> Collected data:

────────────────────────────────────────

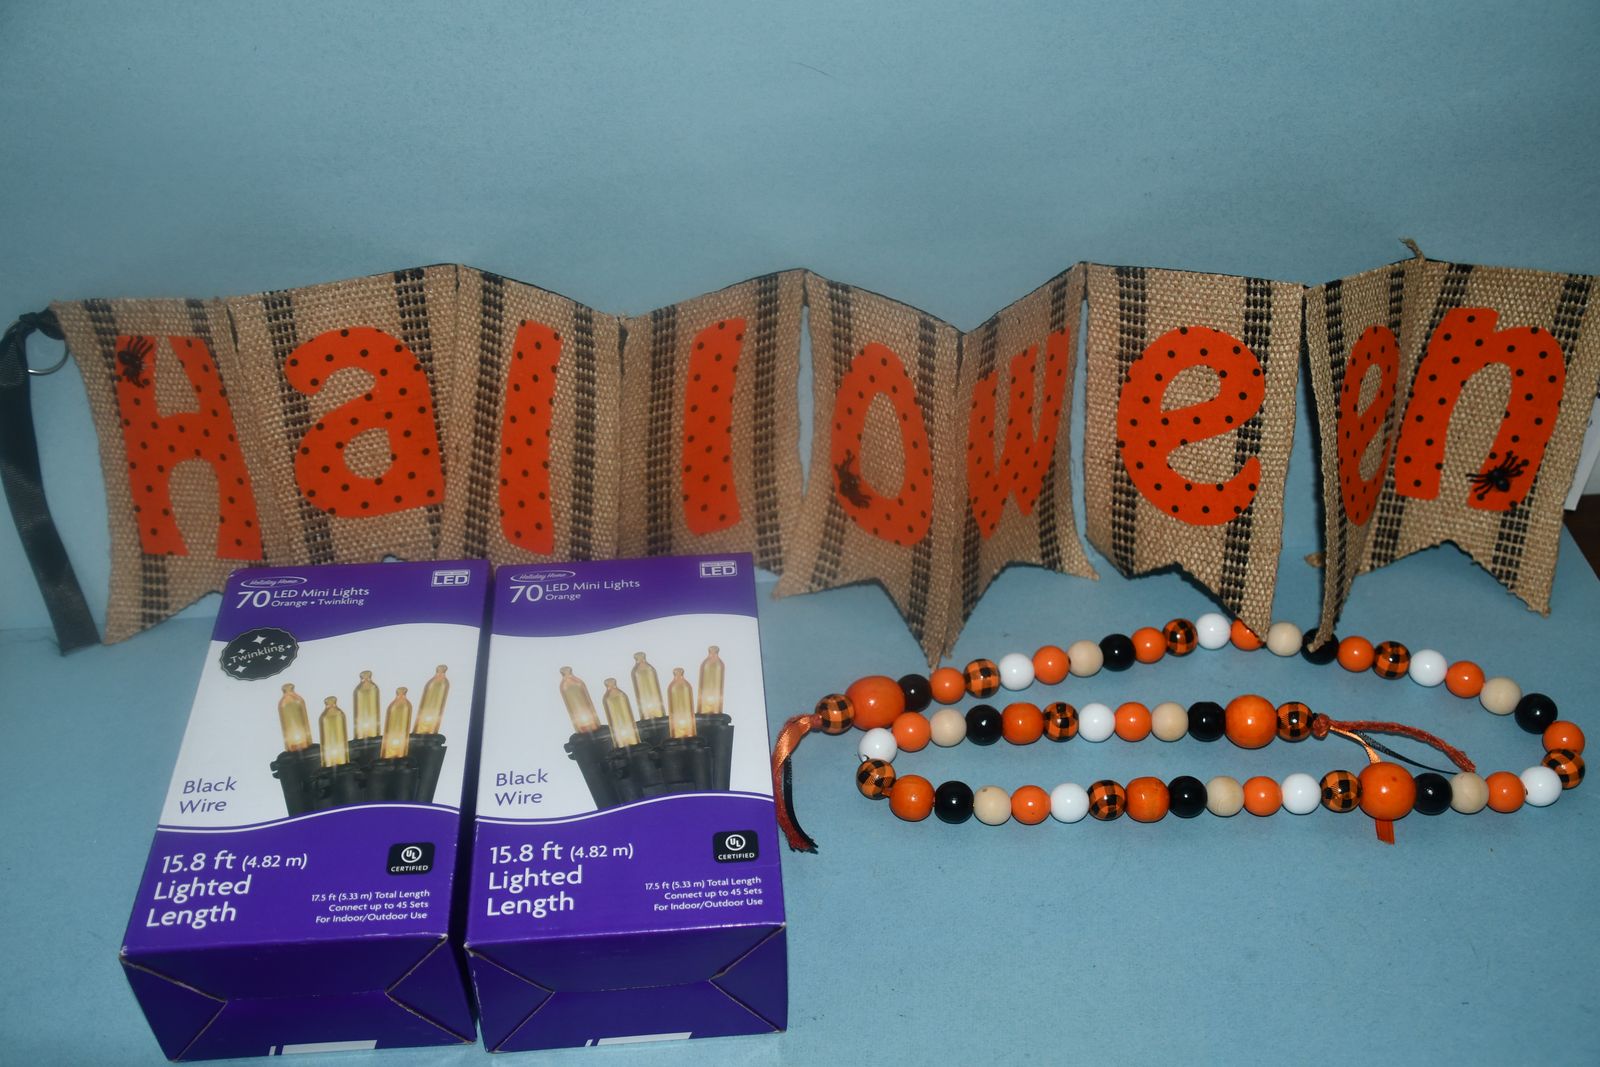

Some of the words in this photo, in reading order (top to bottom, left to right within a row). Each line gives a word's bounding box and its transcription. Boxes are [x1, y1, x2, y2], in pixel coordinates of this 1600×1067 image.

[702, 566, 735, 576] LED
[434, 575, 468, 585] LED
[546, 584, 569, 592] LED
[573, 581, 600, 590] Mini
[604, 580, 640, 590] Lights
[236, 591, 271, 608] 70
[274, 590, 298, 598] LED
[302, 589, 329, 598] Mini
[333, 587, 369, 598] Lights
[509, 584, 543, 603] 70
[318, 597, 364, 606] Twinkling
[230, 643, 285, 664] Twinkling
[496, 769, 548, 786] Black
[183, 777, 237, 794] Black
[179, 799, 227, 813] Wire
[495, 792, 542, 806] Wire
[490, 844, 533, 864] 15.8
[542, 842, 563, 860] ft
[570, 846, 608, 862] (4.82
[612, 844, 634, 859] m)
[718, 852, 754, 860] CERTIFIED
[161, 852, 206, 874] 15.8
[214, 850, 236, 870] ft
[242, 855, 281, 872] (4.82
[286, 853, 308, 870] m)
[489, 865, 582, 894] Lighted
[645, 882, 660, 890] 17.5
[672, 881, 691, 890] (5.33
[693, 880, 704, 888] m)
[731, 876, 761, 887] Length
[154, 875, 251, 903] Lighted
[329, 893, 336, 901] ft
[338, 893, 358, 902] (5.33
[360, 892, 372, 901] m)
[375, 891, 396, 899] Total
[399, 889, 430, 899] Length
[664, 891, 702, 899] Connect
[704, 892, 716, 900] up
[329, 903, 367, 911] Connect
[370, 904, 381, 912] up
[409, 901, 428, 909] Sets
[487, 892, 574, 918] Length
[654, 903, 668, 911] For
[671, 899, 744, 910] Indoor/Outdoor
[146, 902, 236, 929] Length
[316, 915, 330, 923] For
[332, 912, 407, 923] Indoor/Outdoor
[409, 912, 427, 920] Use

────────────────────────────────────────

> Task to carry out: All the records need to be retyped word for word, except for the pictures.

> Answer box:
Some of the words in this photo, in reading order (top to bottom, left to right within a row). Each line gives a word's bounding box and its transcription. Boxes are [x1, y1, x2, y2], in pixel coordinates of this 1600×1067 image.

[702, 566, 735, 576] LED
[434, 575, 468, 585] LED
[546, 584, 569, 592] LED
[573, 581, 600, 590] Mini
[604, 580, 640, 590] Lights
[236, 591, 271, 608] 70
[274, 590, 298, 598] LED
[302, 589, 329, 598] Mini
[333, 587, 369, 598] Lights
[509, 584, 543, 603] 70
[318, 597, 364, 606] Twinkling
[230, 643, 285, 664] Twinkling
[496, 769, 548, 786] Black
[183, 777, 237, 794] Black
[179, 799, 227, 813] Wire
[495, 792, 542, 806] Wire
[490, 844, 533, 864] 15.8
[542, 842, 563, 860] ft
[570, 846, 608, 862] (4.82
[612, 844, 634, 859] m)
[718, 852, 754, 860] CERTIFIED
[161, 852, 206, 874] 15.8
[214, 850, 236, 870] ft
[242, 855, 281, 872] (4.82
[286, 853, 308, 870] m)
[489, 865, 582, 894] Lighted
[645, 882, 660, 890] 17.5
[672, 881, 691, 890] (5.33
[693, 880, 704, 888] m)
[731, 876, 761, 887] Length
[154, 875, 251, 903] Lighted
[329, 893, 336, 901] ft
[338, 893, 358, 902] (5.33
[360, 892, 372, 901] m)
[375, 891, 396, 899] Total
[399, 889, 430, 899] Length
[664, 891, 702, 899] Connect
[704, 892, 716, 900] up
[329, 903, 367, 911] Connect
[370, 904, 381, 912] up
[409, 901, 428, 909] Sets
[487, 892, 574, 918] Length
[654, 903, 668, 911] For
[671, 899, 744, 910] Indoor/Outdoor
[146, 902, 236, 929] Length
[316, 915, 330, 923] For
[332, 912, 407, 923] Indoor/Outdoor
[409, 912, 427, 920] Use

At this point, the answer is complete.